YOUR OBJECTIVE
Restate the listing below word for word, pictures excluded.

-- -- --

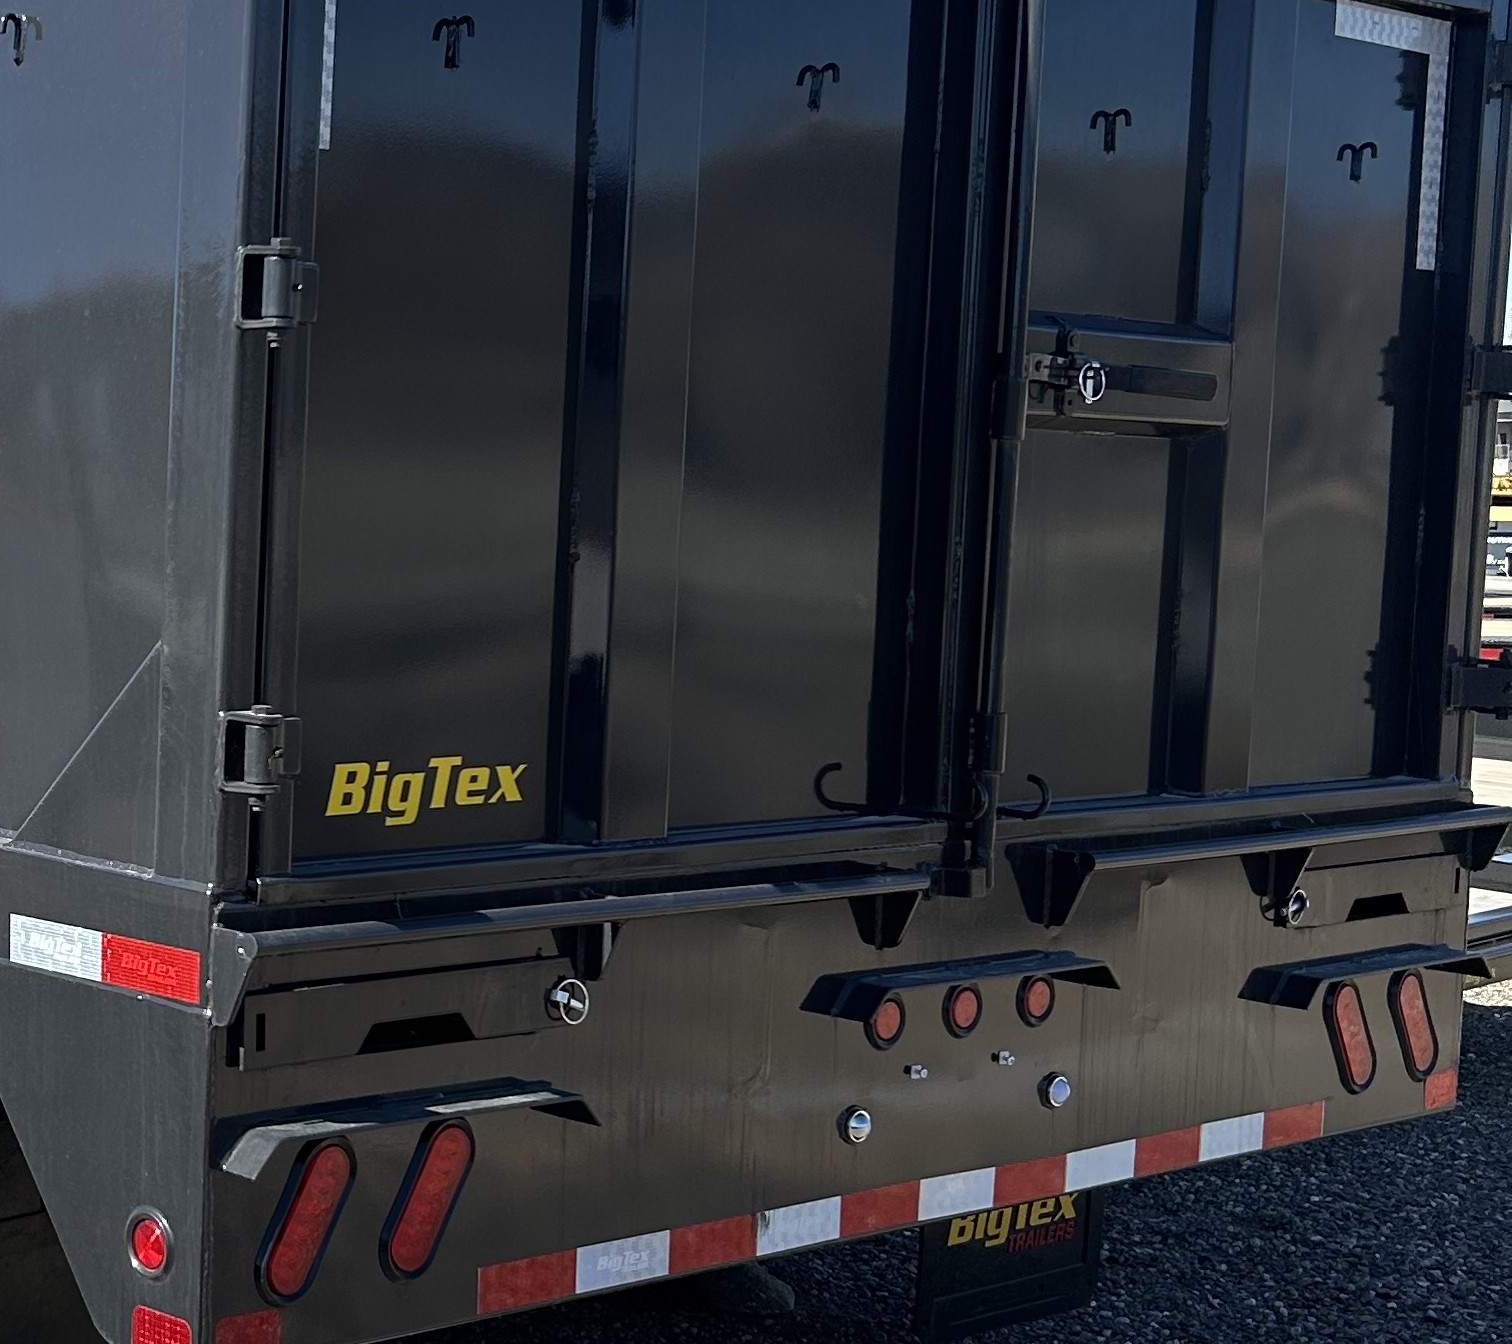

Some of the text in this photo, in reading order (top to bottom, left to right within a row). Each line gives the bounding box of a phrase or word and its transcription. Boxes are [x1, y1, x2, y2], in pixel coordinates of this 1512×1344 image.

[324, 756, 528, 827] BigTex
[120, 951, 179, 978] BigTex
[1008, 1222, 1076, 1253] TRAILERS
[596, 1250, 650, 1272] BigTex

-- -- --

SOLUTION FOR THIS TASK
Some of the text in this photo, in reading order (top to bottom, left to right within a row). Each line gives the bounding box of a phrase or word and its transcription. Boxes are [x1, y1, x2, y2], in pixel coordinates of this 1512×1344 image.

[324, 756, 528, 827] BigTex
[120, 951, 179, 978] BigTex
[1008, 1222, 1076, 1253] TRAILERS
[596, 1250, 650, 1272] BigTex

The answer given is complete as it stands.